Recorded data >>
------------------------------------

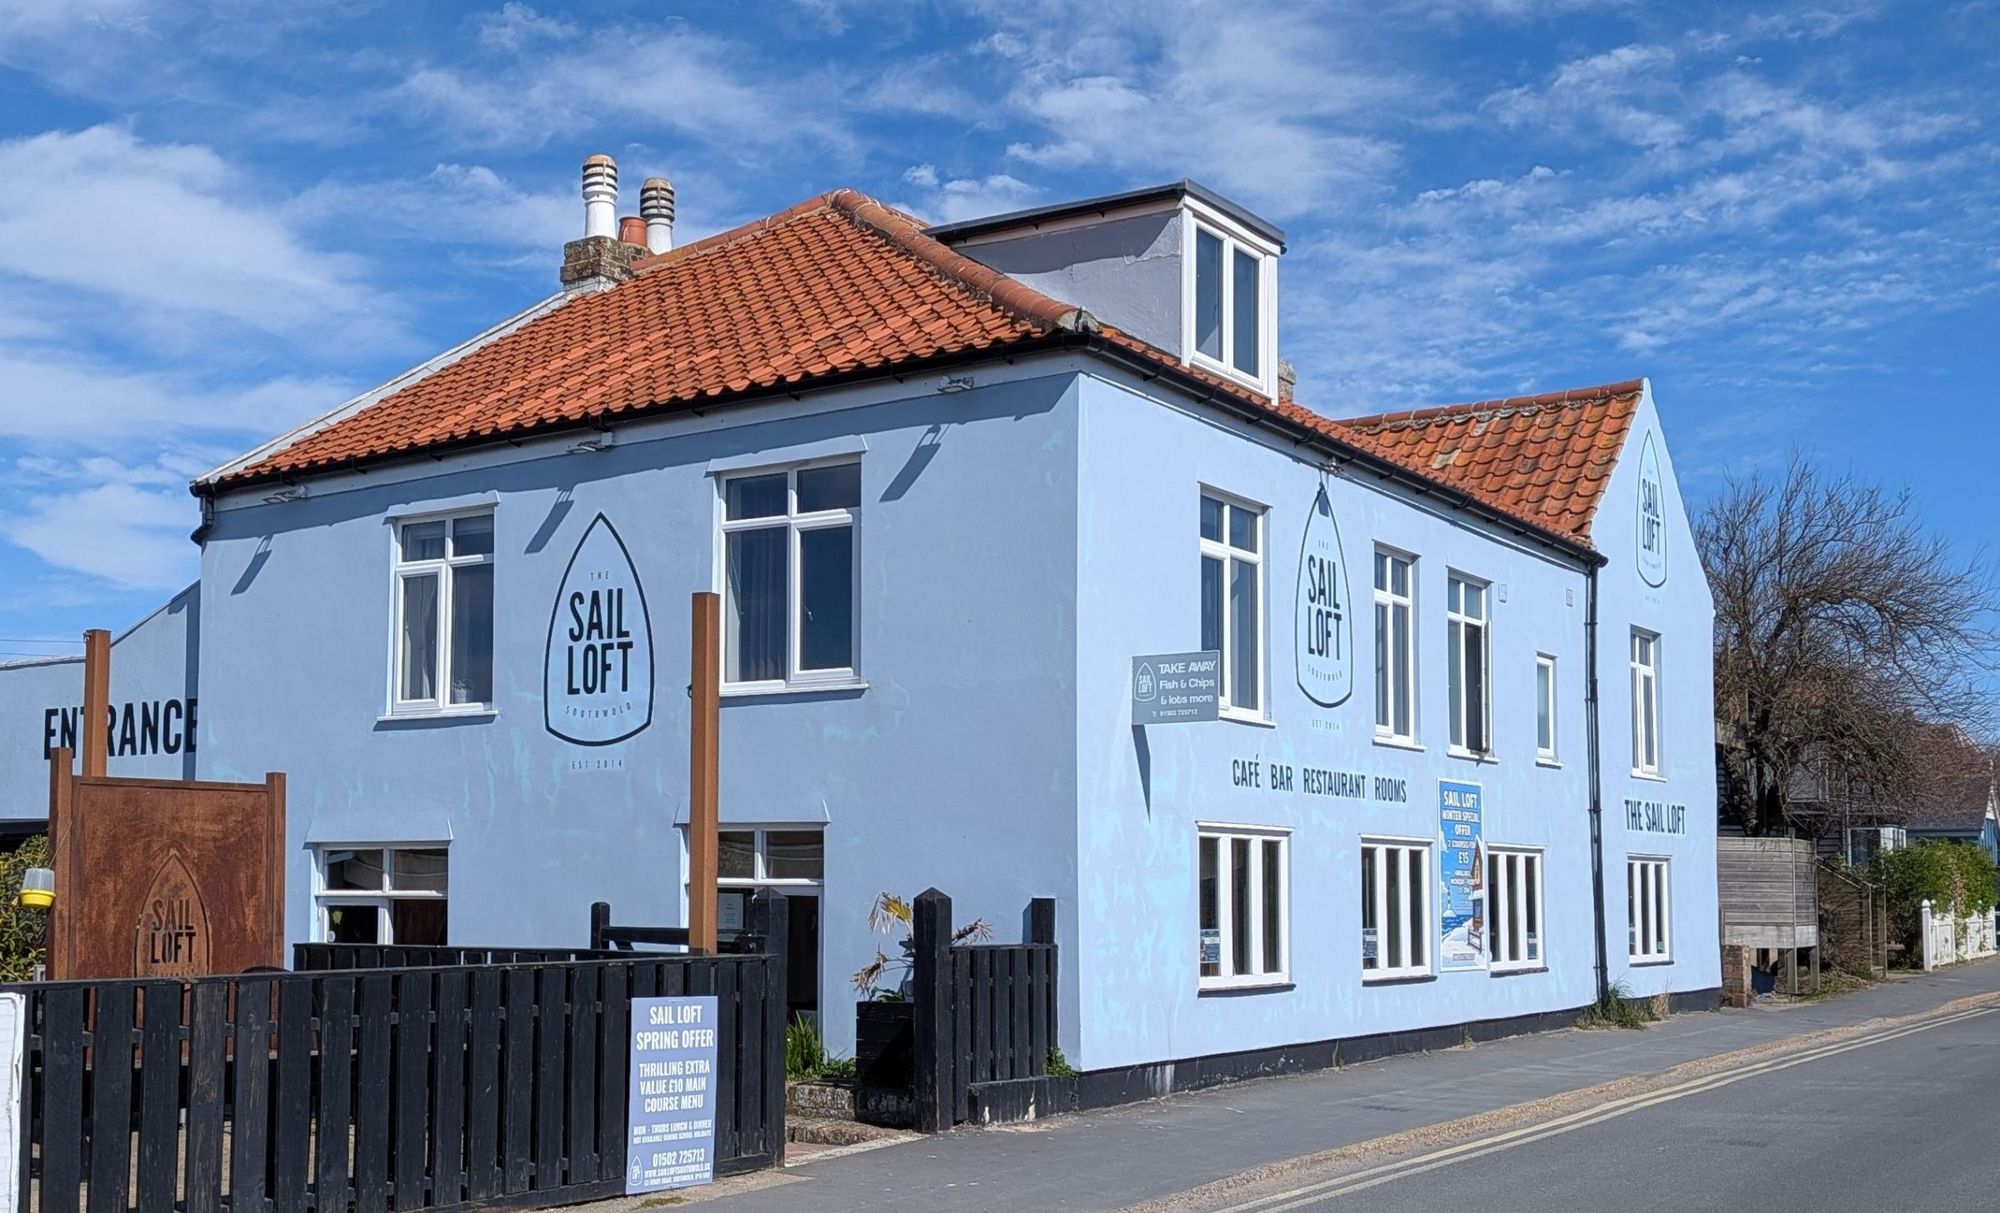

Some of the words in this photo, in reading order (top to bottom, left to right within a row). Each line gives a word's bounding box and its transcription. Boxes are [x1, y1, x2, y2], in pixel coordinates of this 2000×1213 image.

[1642, 478, 1660, 519] SAIL
[1642, 514, 1660, 555] LOFT
[1308, 554, 1340, 610] SAIL
[568, 588, 630, 642] SAIL
[1308, 605, 1342, 660] LOFT
[567, 641, 634, 695] LOFT
[1158, 662, 1186, 674] TAKE
[1188, 660, 1216, 672] AWAY
[1138, 683, 1152, 693] LOFT
[1160, 680, 1178, 689] Fish
[1180, 680, 1186, 688] &
[1188, 678, 1214, 689] Chips
[1161, 696, 1167, 705] &
[1169, 696, 1187, 704] lots
[1189, 695, 1213, 704] more
[566, 702, 632, 718] SOUTHWOLD
[572, 760, 588, 770] EST
[596, 760, 622, 768] 2014
[1232, 754, 1261, 788] CAFÉ
[1270, 764, 1293, 792] BAR
[1303, 768, 1366, 799] RESTAURANT
[1374, 776, 1407, 803] ROOMS
[1444, 790, 1460, 807] SAIL
[1462, 793, 1478, 809] LOFT
[1624, 800, 1643, 831] THE
[1645, 802, 1665, 832] SAIL
[1667, 804, 1685, 834] LOFT
[1455, 824, 1471, 836] OFFER
[152, 898, 194, 931] SAIL
[150, 931, 196, 964] LOFT
[650, 1006, 674, 1024] SAIL
[677, 1005, 702, 1024] LOFT
[636, 1030, 679, 1050] SPRING
[682, 1029, 714, 1048] OFFER
[639, 1061, 683, 1078] THRILLING
[685, 1059, 710, 1074] EXTRA
[640, 1080, 667, 1095] VALUE
[669, 1078, 683, 1093] £10
[686, 1077, 706, 1092] MAIN
[645, 1096, 679, 1112] COURSE
[681, 1094, 703, 1110] MENU
[633, 1125, 646, 1135] MON
[652, 1123, 669, 1134] THURS
[670, 1121, 688, 1132] LUNCH
[693, 1120, 712, 1129] DINNER
[652, 1151, 677, 1167] 01502
[678, 1148, 705, 1164] 725713

------------------------------------

Aim of the exercise >>
Without the pictures, return all the records precisely as they stand.

Answer >>
Some of the words in this photo, in reading order (top to bottom, left to right within a row). Each line gives a word's bounding box and its transcription. Boxes are [x1, y1, x2, y2], in pixel coordinates of this 2000×1213 image.

[1642, 478, 1660, 519] SAIL
[1642, 514, 1660, 555] LOFT
[1308, 554, 1340, 610] SAIL
[568, 588, 630, 642] SAIL
[1308, 605, 1342, 660] LOFT
[567, 641, 634, 695] LOFT
[1158, 662, 1186, 674] TAKE
[1188, 660, 1216, 672] AWAY
[1138, 683, 1152, 693] LOFT
[1160, 680, 1178, 689] Fish
[1180, 680, 1186, 688] &
[1188, 678, 1214, 689] Chips
[1161, 696, 1167, 705] &
[1169, 696, 1187, 704] lots
[1189, 695, 1213, 704] more
[566, 702, 632, 718] SOUTHWOLD
[572, 760, 588, 770] EST
[596, 760, 622, 768] 2014
[1232, 754, 1261, 788] CAFÉ
[1270, 764, 1293, 792] BAR
[1303, 768, 1366, 799] RESTAURANT
[1374, 776, 1407, 803] ROOMS
[1444, 790, 1460, 807] SAIL
[1462, 793, 1478, 809] LOFT
[1624, 800, 1643, 831] THE
[1645, 802, 1665, 832] SAIL
[1667, 804, 1685, 834] LOFT
[1455, 824, 1471, 836] OFFER
[152, 898, 194, 931] SAIL
[150, 931, 196, 964] LOFT
[650, 1006, 674, 1024] SAIL
[677, 1005, 702, 1024] LOFT
[636, 1030, 679, 1050] SPRING
[682, 1029, 714, 1048] OFFER
[639, 1061, 683, 1078] THRILLING
[685, 1059, 710, 1074] EXTRA
[640, 1080, 667, 1095] VALUE
[669, 1078, 683, 1093] £10
[686, 1077, 706, 1092] MAIN
[645, 1096, 679, 1112] COURSE
[681, 1094, 703, 1110] MENU
[633, 1125, 646, 1135] MON
[652, 1123, 669, 1134] THURS
[670, 1121, 688, 1132] LUNCH
[693, 1120, 712, 1129] DINNER
[652, 1151, 677, 1167] 01502
[678, 1148, 705, 1164] 725713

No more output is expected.